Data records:
+ + + +
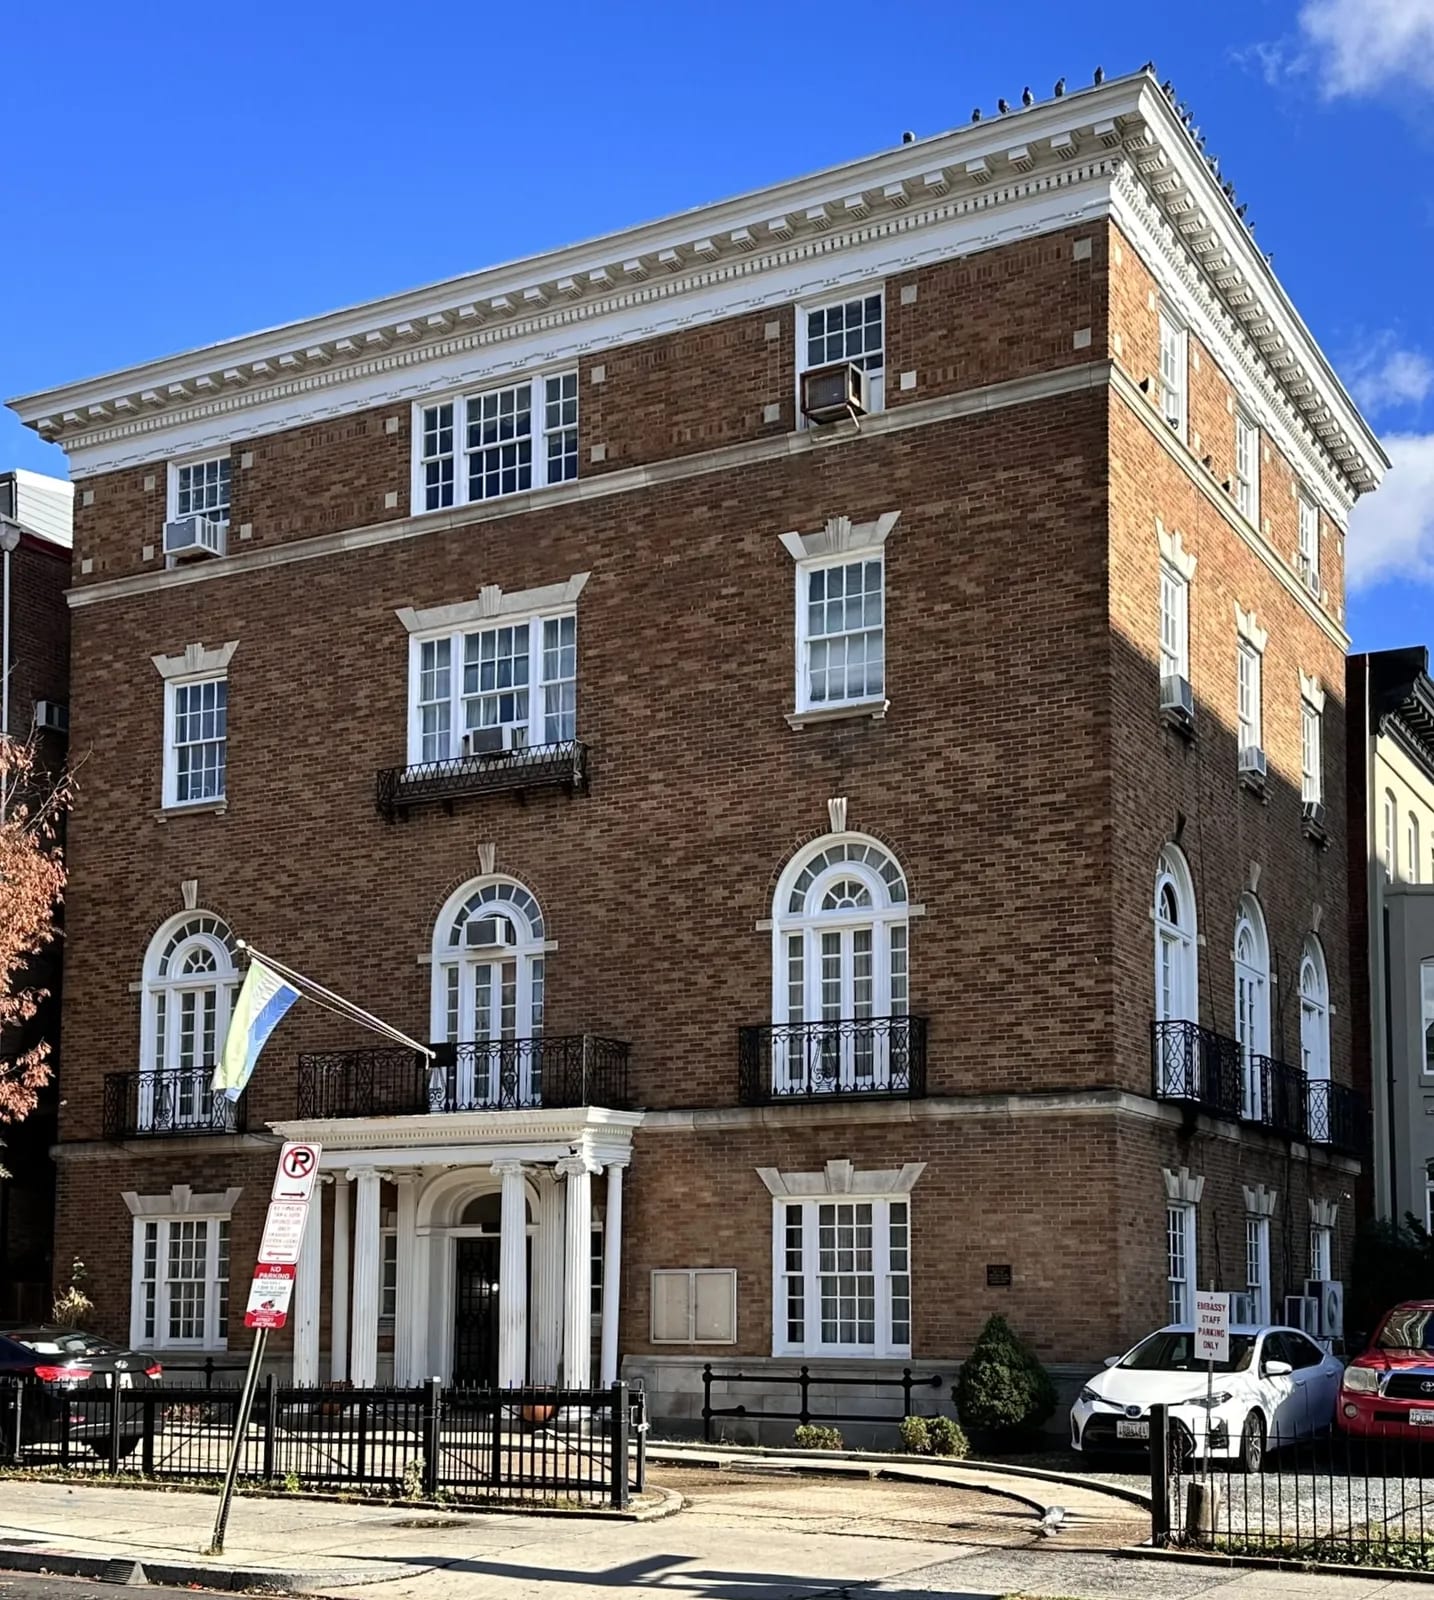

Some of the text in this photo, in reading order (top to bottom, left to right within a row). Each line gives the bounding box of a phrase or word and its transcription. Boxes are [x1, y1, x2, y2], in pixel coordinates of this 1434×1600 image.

[291, 1151, 310, 1173] P
[258, 1272, 290, 1280] PARKING
[1197, 1301, 1226, 1312] EMBASSY
[1201, 1315, 1221, 1324] STAFF
[1198, 1327, 1225, 1338] PARKING
[1203, 1341, 1219, 1350] ONLY
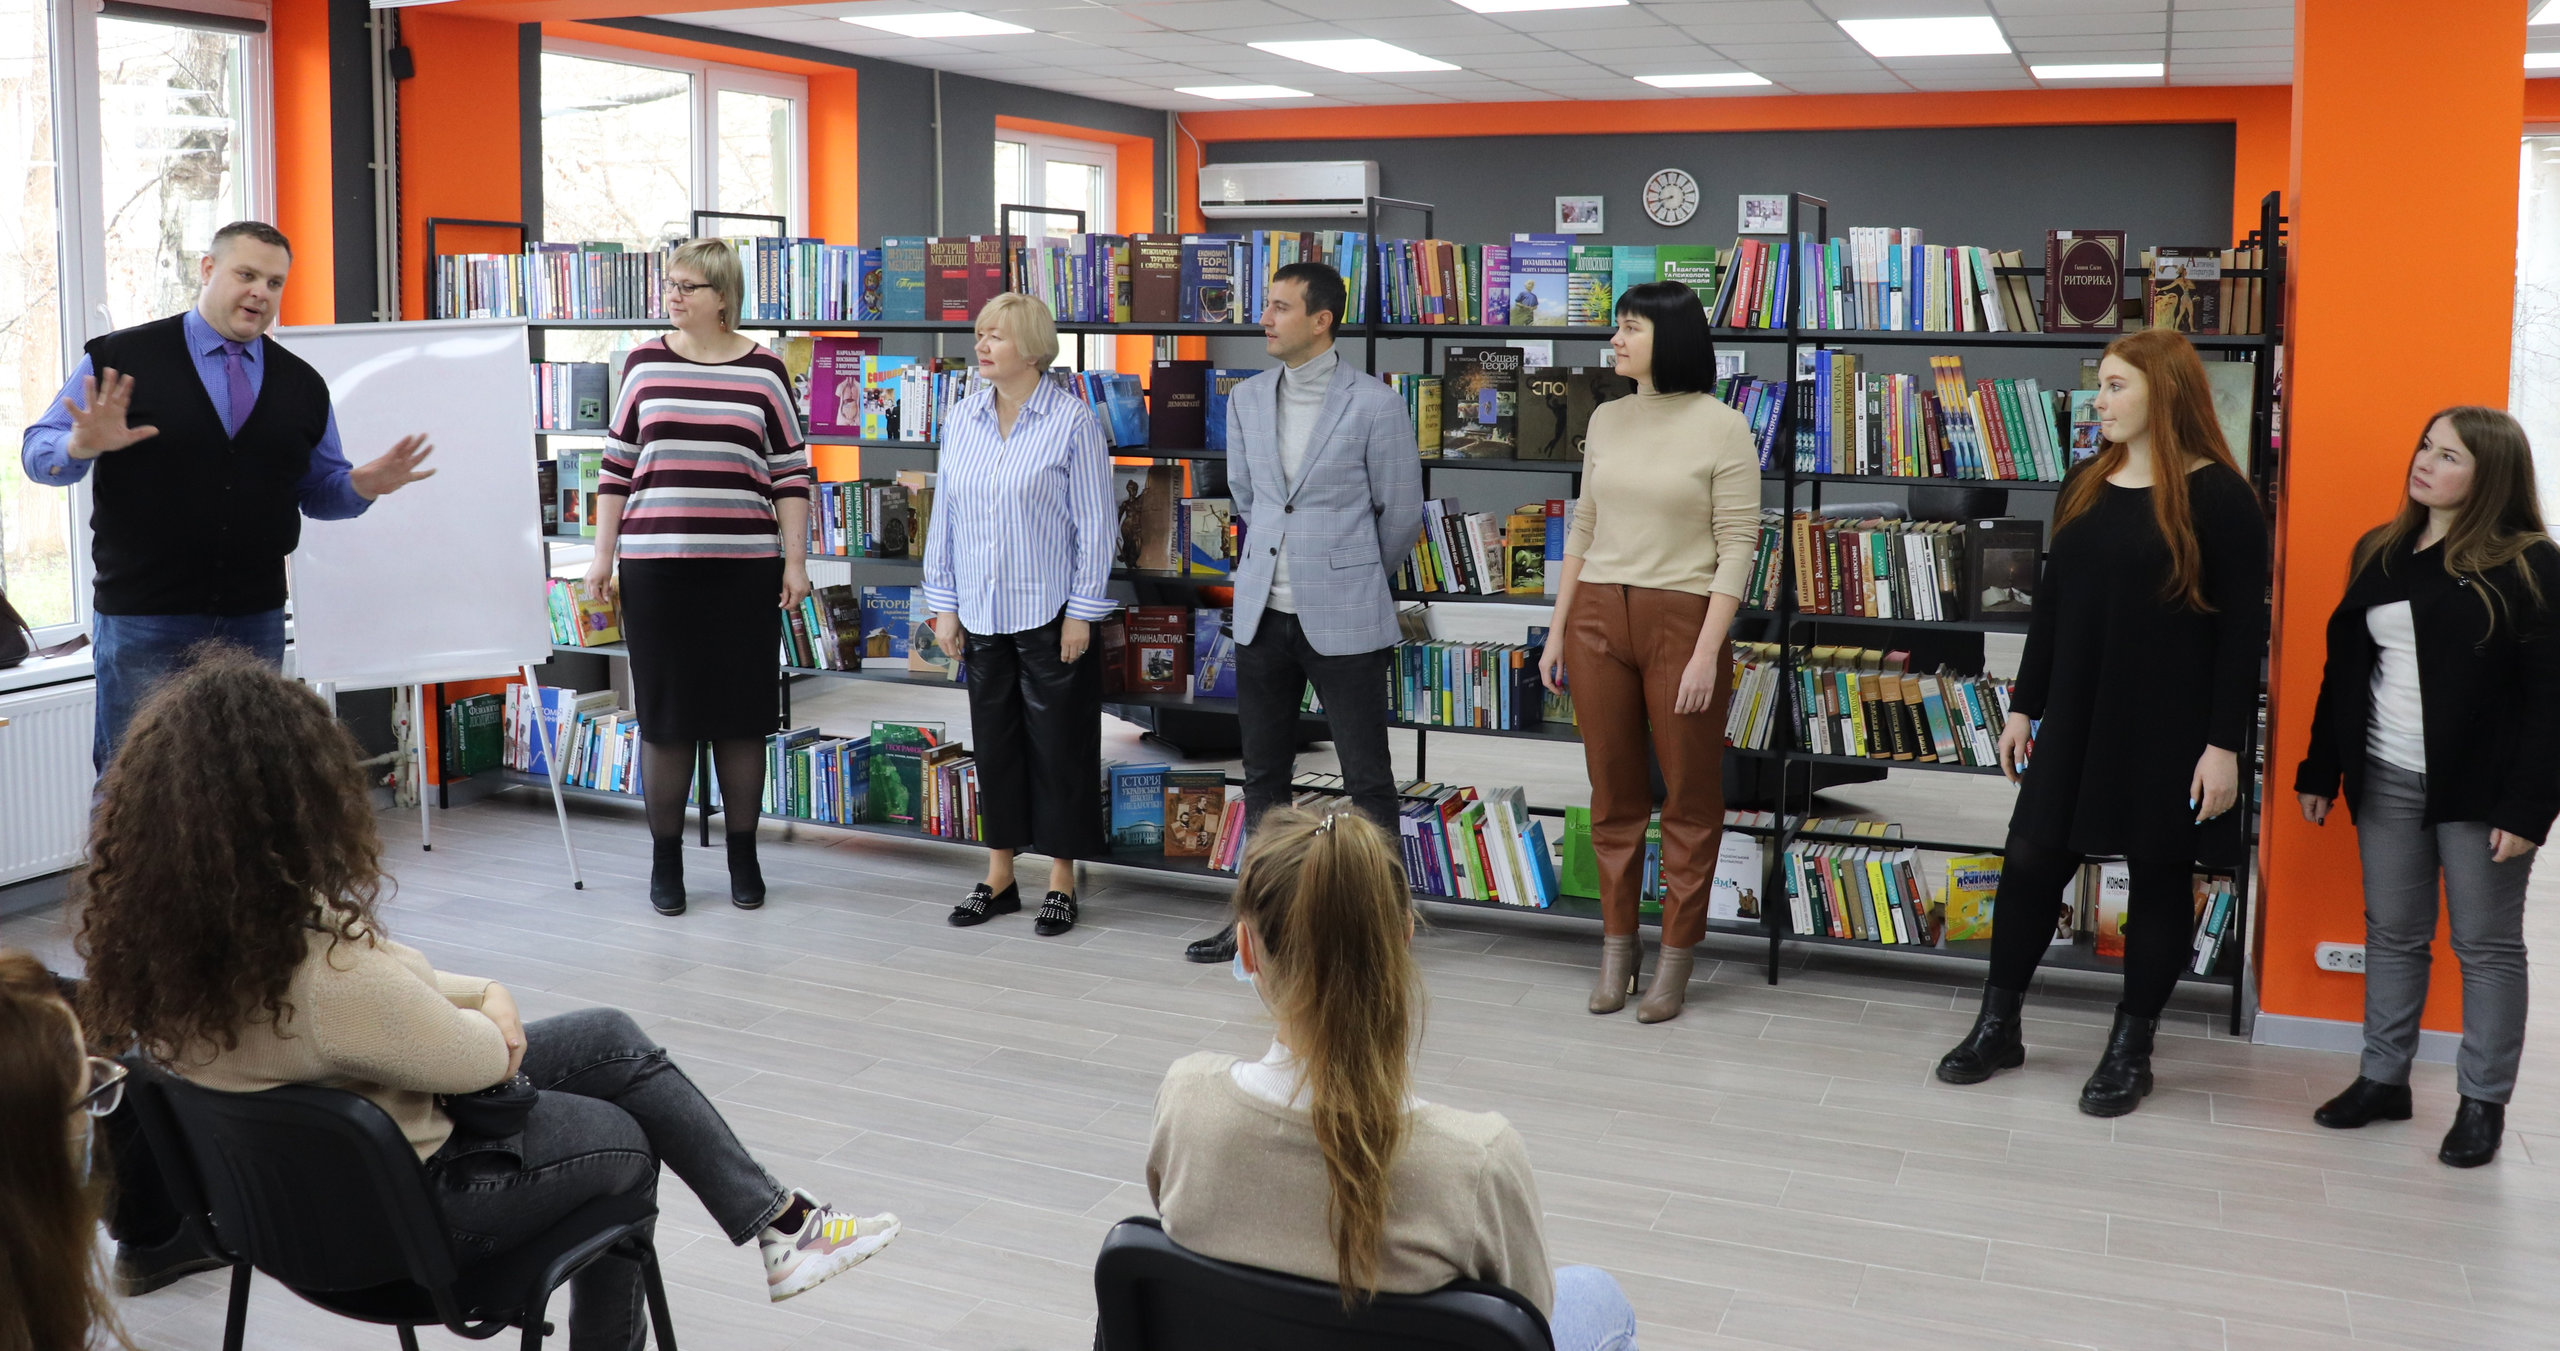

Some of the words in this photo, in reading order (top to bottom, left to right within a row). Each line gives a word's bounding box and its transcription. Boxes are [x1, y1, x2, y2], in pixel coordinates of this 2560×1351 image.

[1664, 261, 1710, 273] ПЕДАГОГІКА
[2064, 276, 2112, 286] РИТОРИКА
[1479, 351, 1518, 363] Общая
[1833, 365, 1842, 414] РИСУНКА
[867, 599, 911, 609] ІСТОРІЯ
[1129, 633, 1184, 644] КРИМІНАЛІСТИКА
[1121, 774, 1162, 787] ІСТОРІЯ
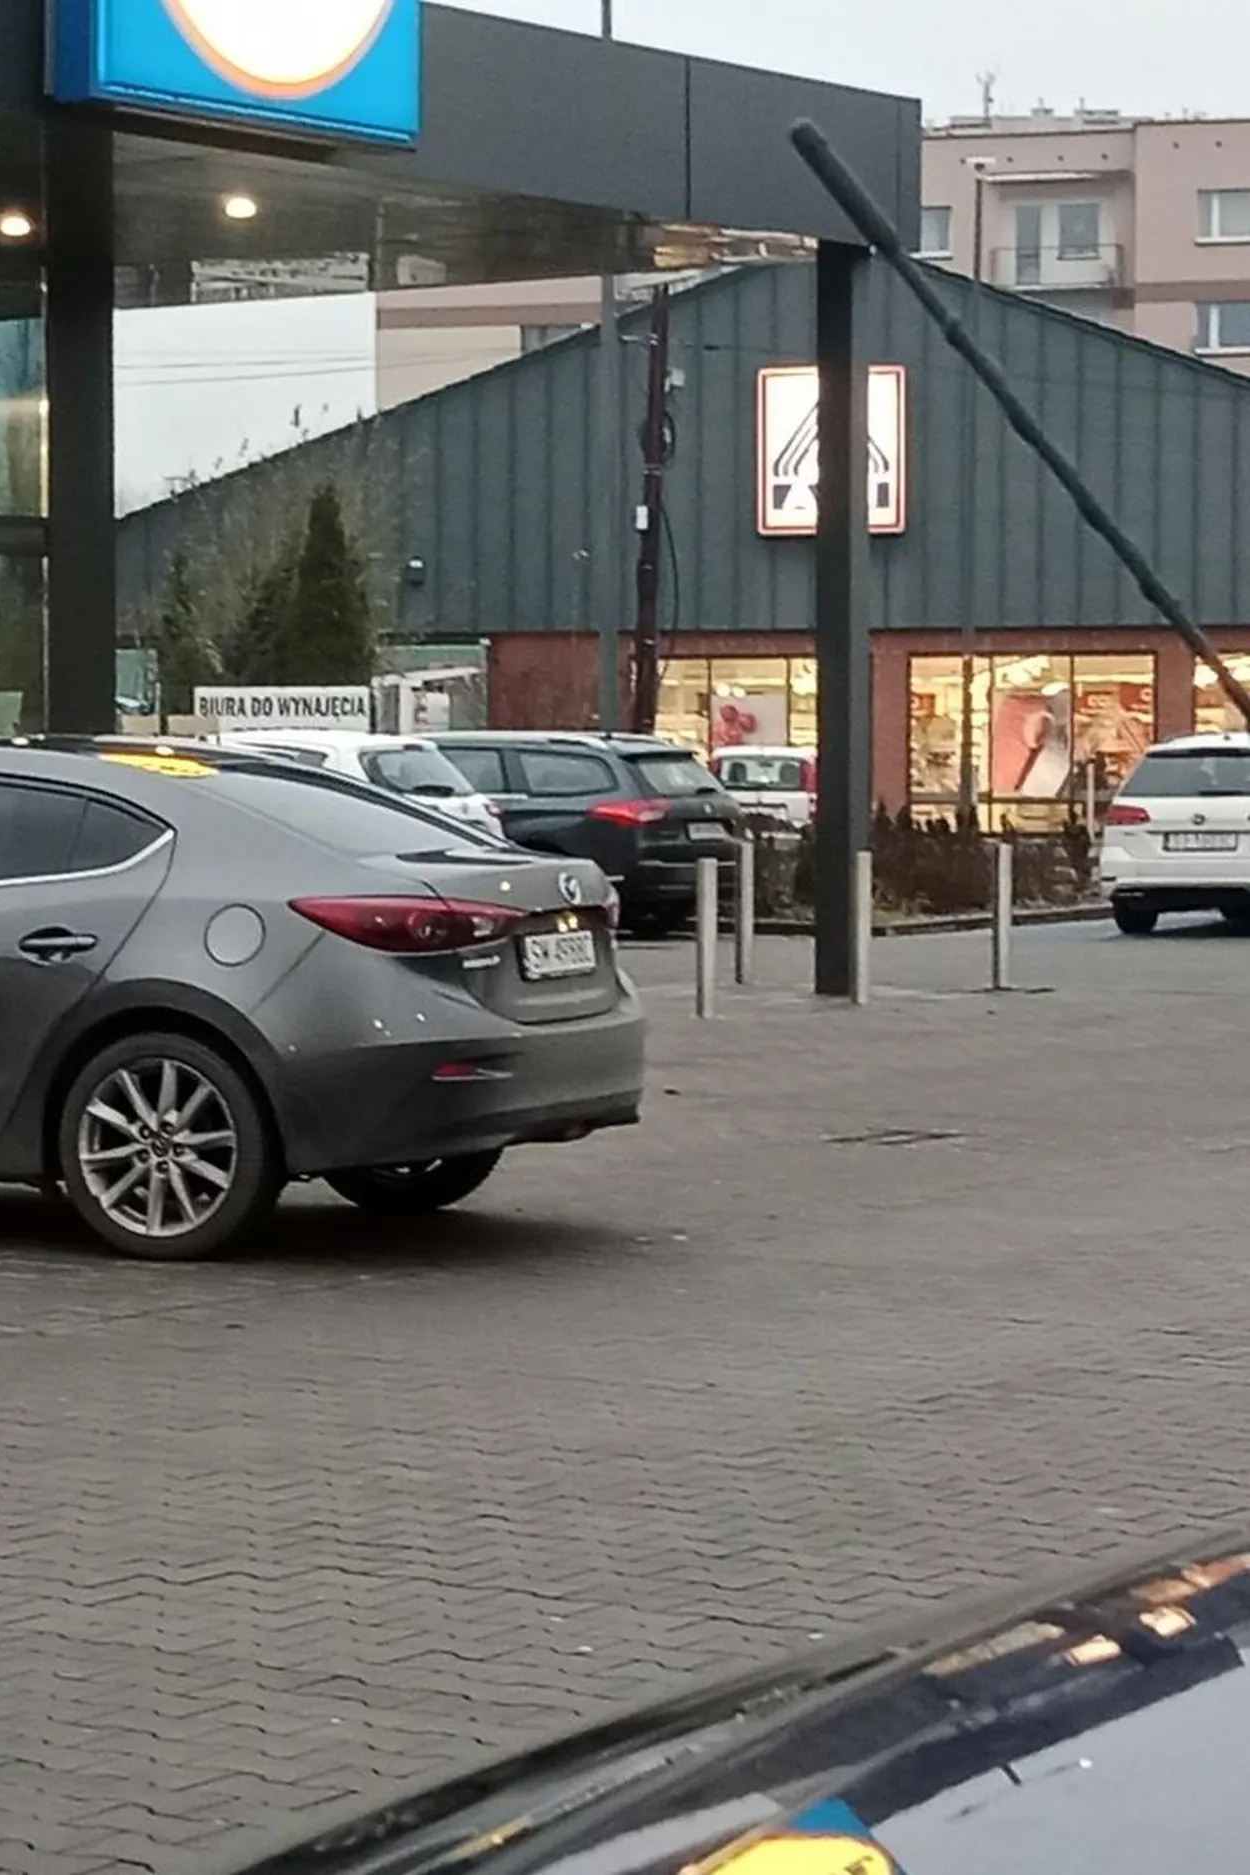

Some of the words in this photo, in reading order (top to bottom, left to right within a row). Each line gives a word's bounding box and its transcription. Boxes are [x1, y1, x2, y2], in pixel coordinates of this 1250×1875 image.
+ + + +
In the copy, no picture may appear; the records themselves must be output exactly.

Some of the text in this photo, in reading order (top to bottom, left to right within a row). Each line gives the bounding box of a phrase or word and its transcription. Boxes are [x1, y1, x2, y2], in pixel coordinates of this 1434×1600 image.

[291, 1151, 310, 1173] P
[258, 1272, 290, 1280] PARKING
[1197, 1301, 1226, 1312] EMBASSY
[1201, 1315, 1221, 1324] STAFF
[1198, 1327, 1225, 1338] PARKING
[1203, 1341, 1219, 1350] ONLY

Some of the words in this photo, in reading order (top to bottom, left to right within a row). Each line gives a word's bounding box and its transcription. Boxes are [x1, y1, x2, y2], in pixel coordinates of this 2560×1351 image.

[1664, 261, 1710, 273] ПЕДАГОГІКА
[2064, 276, 2112, 286] РИТОРИКА
[1479, 351, 1518, 363] Общая
[1833, 365, 1842, 414] РИСУНКА
[867, 599, 911, 609] ІСТОРІЯ
[1129, 633, 1184, 644] КРИМІНАЛІСТИКА
[1121, 774, 1162, 787] ІСТОРІЯ

Some of the words in this photo, in reading order (top to bottom, left to right within a row). Each line gives a word's bounding box and its transcription. Boxes are [x1, y1, x2, y2], in pixel coordinates of this 1250×1875 image.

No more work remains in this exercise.